- _Exercise prompt_: Apart from the pictures, every entry below must be given again exactly.
○ ○ ○ ○
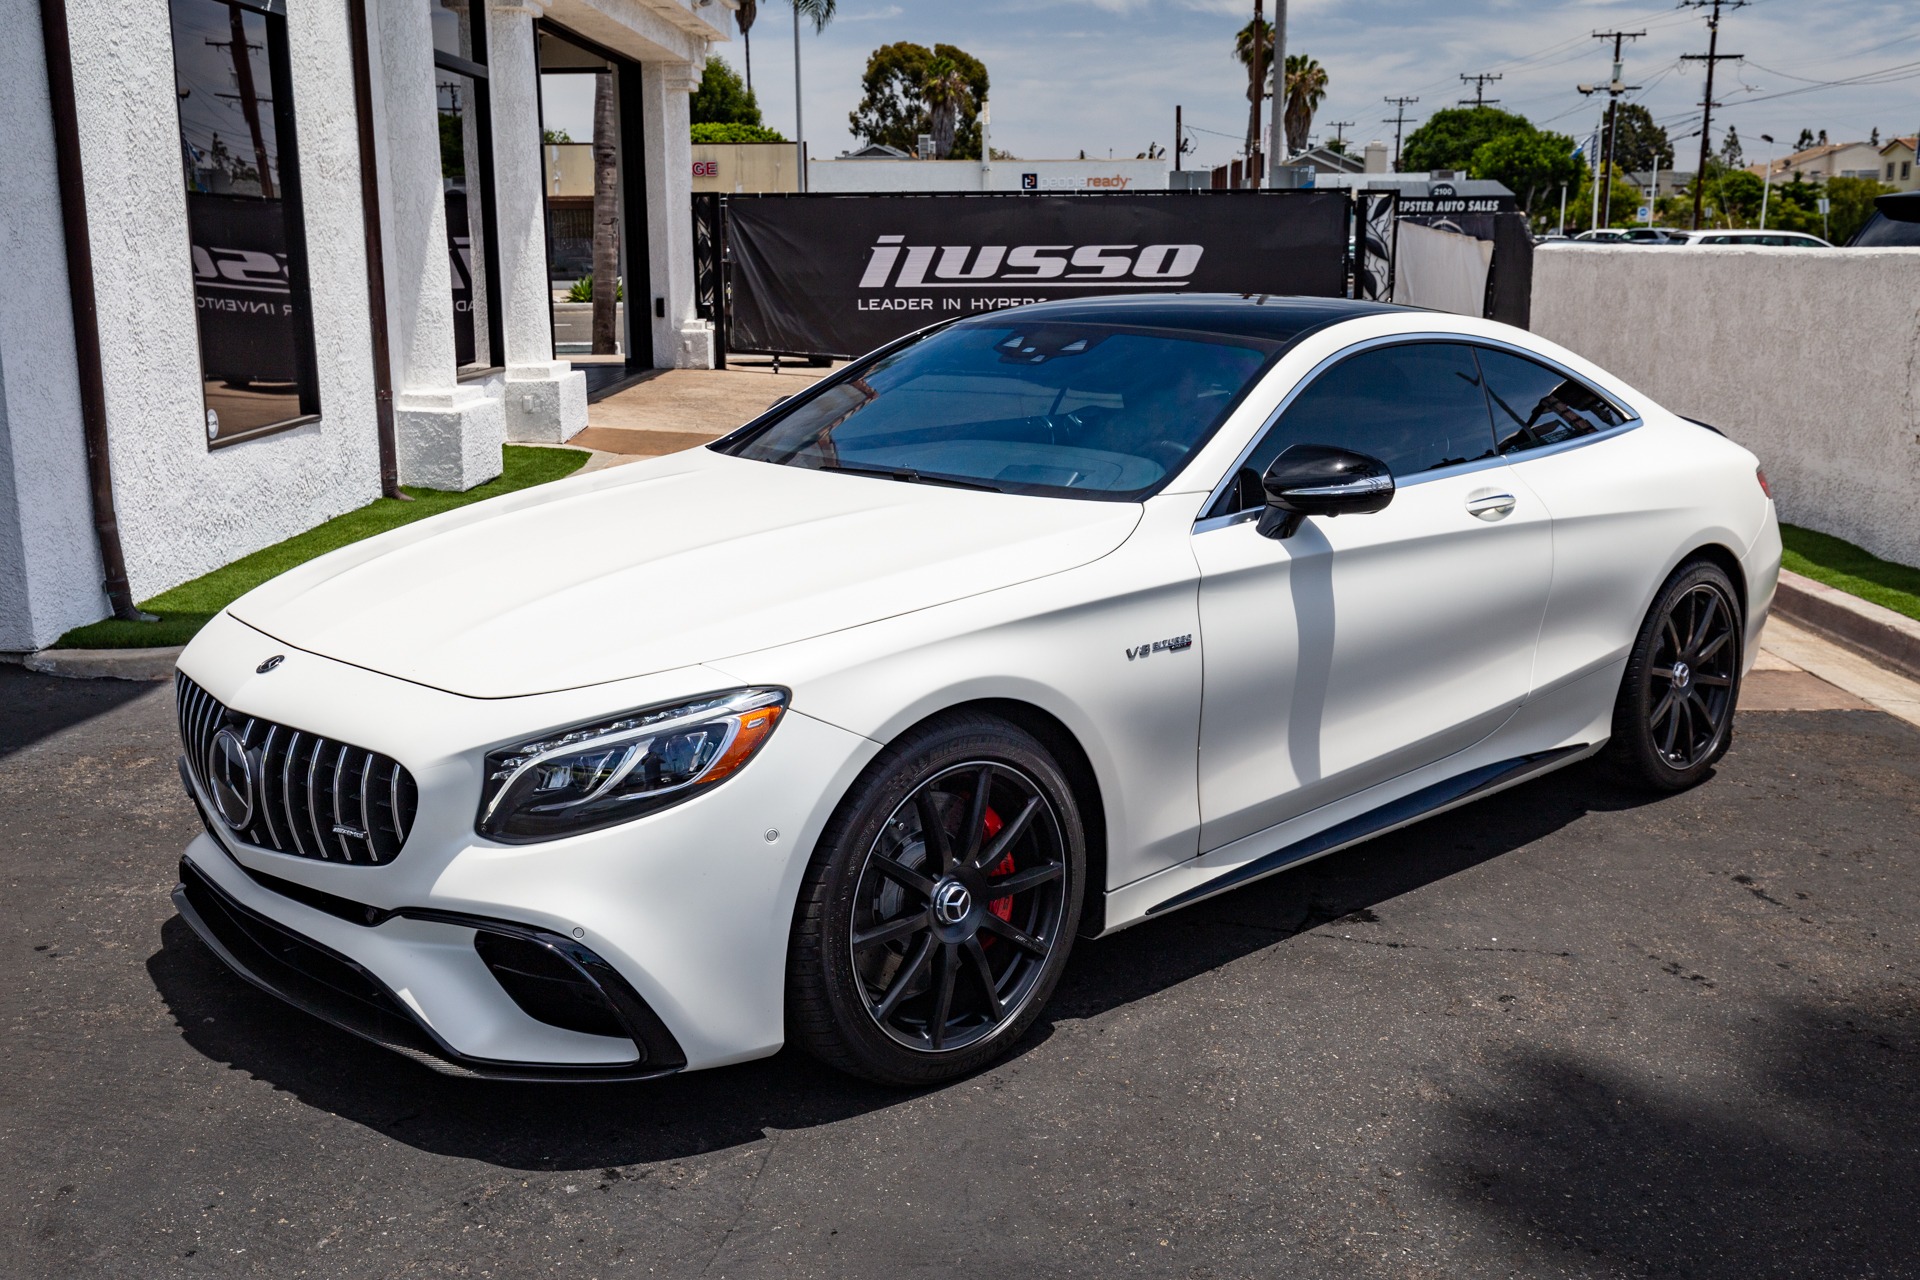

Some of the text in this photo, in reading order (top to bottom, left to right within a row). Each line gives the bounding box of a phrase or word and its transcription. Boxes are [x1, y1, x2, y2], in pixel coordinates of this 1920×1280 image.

[692, 161, 718, 177] GE
[1433, 188, 1453, 196] 2100
[1436, 201, 1465, 212] AUTO
[1468, 200, 1499, 212] SALES
[857, 298, 934, 311] LEADER
[942, 298, 961, 310] IN
[1125, 644, 1151, 660] V8
○ ○ ○ ○
- _Response for this exercise_:
Some of the text in this photo, in reading order (top to bottom, left to right within a row). Each line gives the bounding box of a phrase or word and its transcription. Boxes are [x1, y1, x2, y2], in pixel coordinates of this 1920×1280 image.

[692, 161, 718, 177] GE
[1433, 188, 1453, 196] 2100
[1436, 201, 1465, 212] AUTO
[1468, 200, 1499, 212] SALES
[857, 298, 934, 311] LEADER
[942, 298, 961, 310] IN
[1125, 644, 1151, 660] V8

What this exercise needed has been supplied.